Two years ago, FoldIt made headlines, lots of them, when players of the online protein-folding video game took three weeks to solve the three dimensional structure of a simian retroviral protein that is used in animal models of HIV, but whose structure had eluded biochemists for more than a decade. Seth Cooper, the game’s co-creator, captured the attention of the crowd at the TEDMED medical technology conference in Washington, DC by recounting how thousands of players competed in that FoldIt challenge despite the lack of prize money or prestige. He even brought on-stage the winner, a beaming British lab technician named Mimi Minet whose identity had not been previously disclosed to the public.
But the hidden news, the ‘Easter egg’, so to speak, was that Cooper and his collaborators are updating FoldIt to leverage the power of online gaming to create new proteins—enzymes that could form the basis of novel drugs or improve how they are manufactured. This freshly expanded enzyme design platform for FoldIt saw initial success in January, when gamers using an early version created a blueprint for an enzyme that lab tests indicate speeds up a type of biosynthetic reaction used in the production of a variety of drugs—including the cholesterol medication lovastatin—by almost 2,000%.
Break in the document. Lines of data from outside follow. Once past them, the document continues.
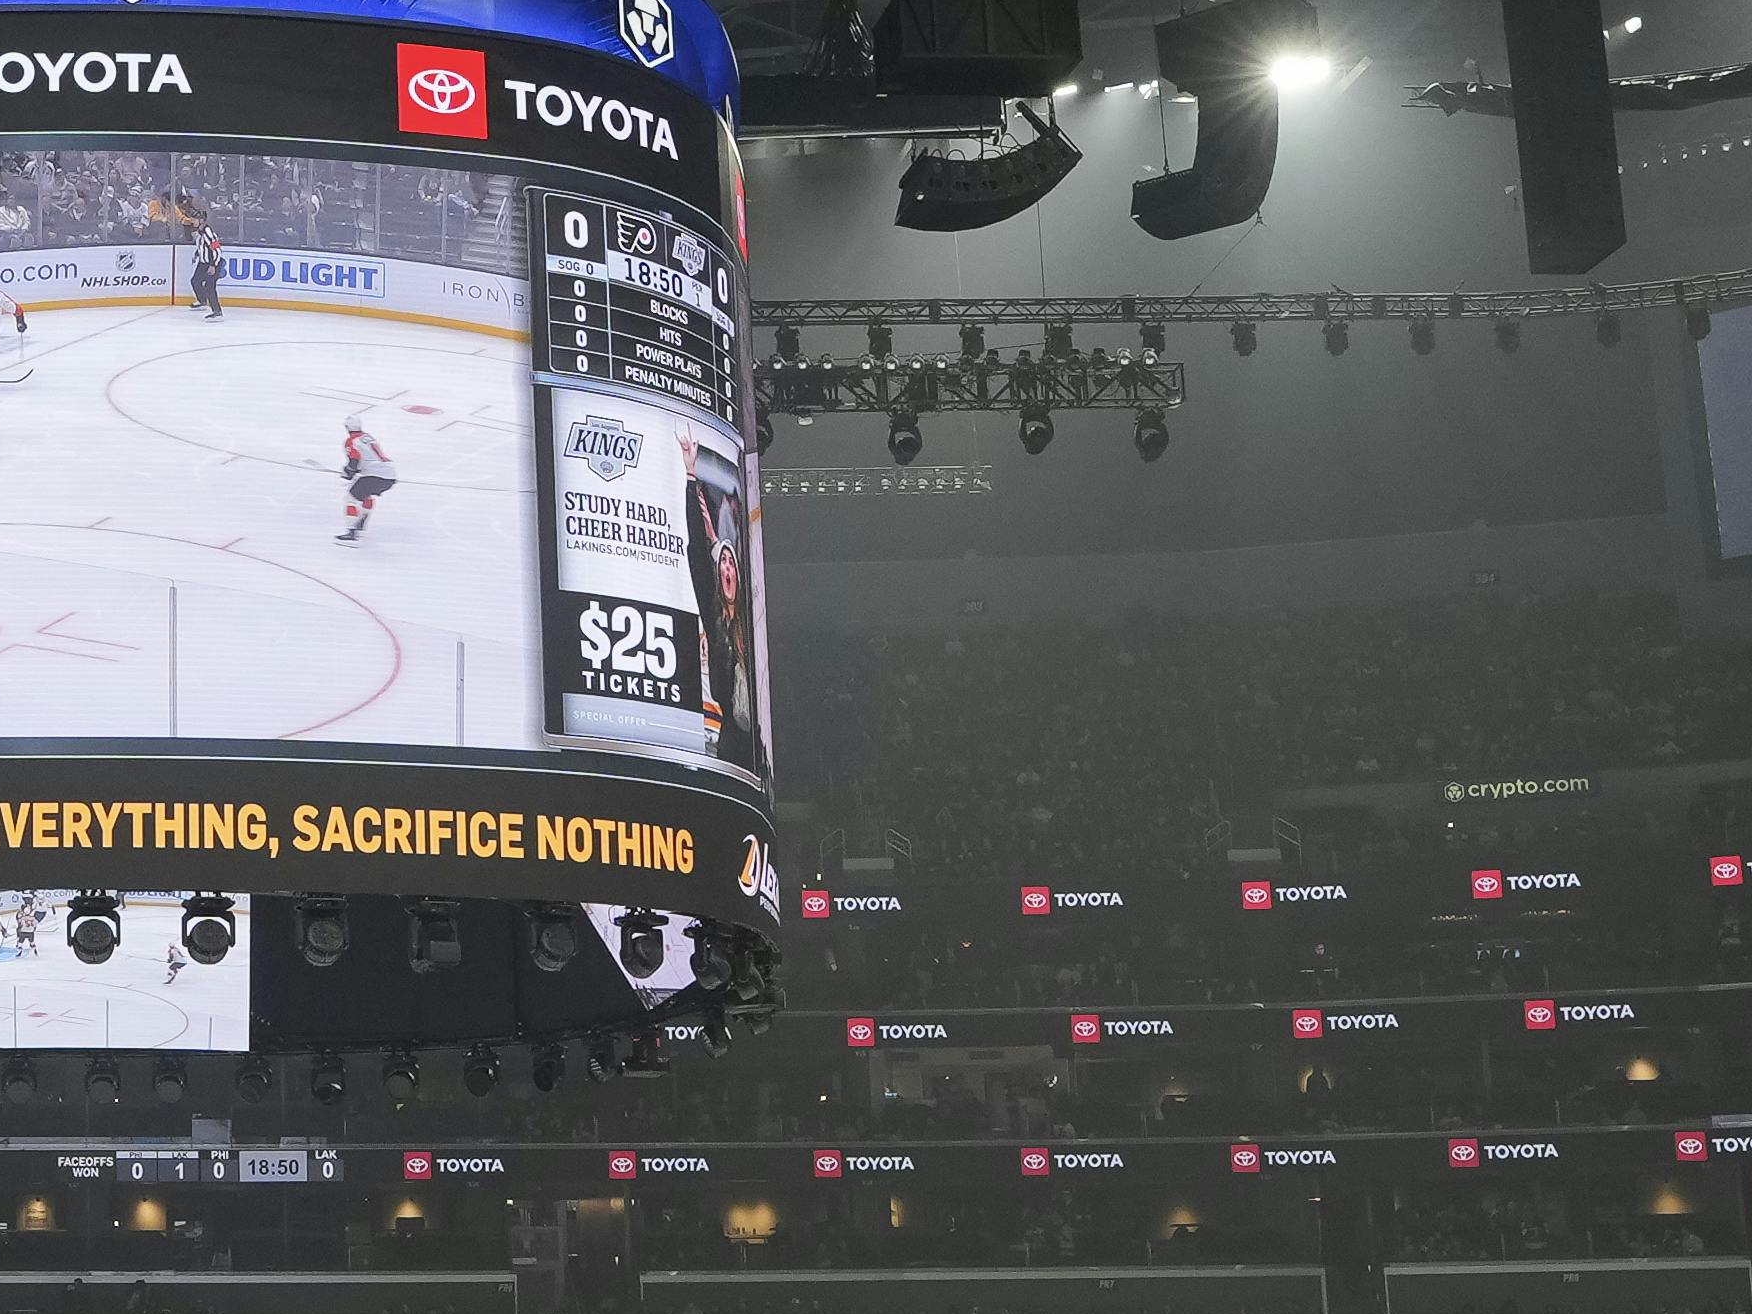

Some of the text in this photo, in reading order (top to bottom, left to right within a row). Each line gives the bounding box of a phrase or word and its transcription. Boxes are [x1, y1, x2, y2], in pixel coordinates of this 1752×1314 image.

[504, 80, 680, 161] TOYOTA
[564, 211, 589, 249] 0
[282, 262, 379, 291] LIGHT
[624, 257, 683, 296] 18:50
[651, 300, 688, 323] BLOCKS
[573, 427, 639, 463] KINGS
[565, 491, 671, 531] STUDY HARD,
[566, 517, 684, 556] CHEER HARDER
[566, 538, 680, 569] LAKINGS.COM/STUDENT
[579, 601, 676, 680] $25
[582, 670, 681, 703] TICKETS
[573, 710, 615, 723] SPECIAL
[1467, 774, 1590, 800] crypto.com
[293, 805, 525, 859] SACRIFICE
[537, 816, 694, 874] NOTHING
[1508, 873, 1581, 889] TOYOTA
[1055, 892, 1123, 906] TOYOTA
[1277, 886, 1347, 901] TOYOTA
[1327, 1014, 1398, 1030] TOYOTA
[1561, 1005, 1634, 1020] TOYOTA
[880, 1025, 947, 1039] TOYOTA
[1105, 1021, 1173, 1035] TOYOTA
[58, 1157, 114, 1168] FACEOFFS
[72, 1159, 299, 1178] WON 18:50
[437, 1159, 504, 1172] TOYOTA
[641, 1158, 709, 1171] TOYOTA
[846, 1157, 914, 1170] TOYOTA
“We’ve moved beyond just determining structures in nature,” Cooper, who is based at the University of Washington’s Center for Game Science in Seattle, told Nature Medicine. “We’re able to use the game to design brand new therapeutic enzymes.” He says players are now working on the ground-up design of a protein that would act as an inhibitor of the influenza A virus, and he expects to expand the drug development uses of the game to small molecule design within the next year.
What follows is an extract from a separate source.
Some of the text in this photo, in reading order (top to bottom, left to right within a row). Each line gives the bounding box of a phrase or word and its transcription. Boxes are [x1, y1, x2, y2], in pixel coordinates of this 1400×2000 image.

Designing small molecules, which are not composed amino acid chains as proteins are, but still function according to their 3D folded shape, requires that Cooper and his team in Seattle add to the chemical building blocks available to FoldIt players. “To build proteins, players can swap out amino acids in a protein,” he explains, “and there are only 26 amino acids, so compiling the building blocks players will need is easy.”
For example, players can swap a tryptophan for a cysteine in the active site of a potential flu inhibitor and see how it changes the protein’s stability and its interaction with target proteins on the surface of the flu virus. But in order to design small molecules, FoldIt will need a new toolbox of organic subcomponents such as rings and chains of carbon that players can then piece together into larger molecules, adding functional groups like alcohols or sulfurs to create novel small molecule chemicals. Since there the number of organic subcomponents is virtually infinite, creating such a library is daunting, but “we’re hopeful that we’ll have a small molecule in the next year,” says Cooper.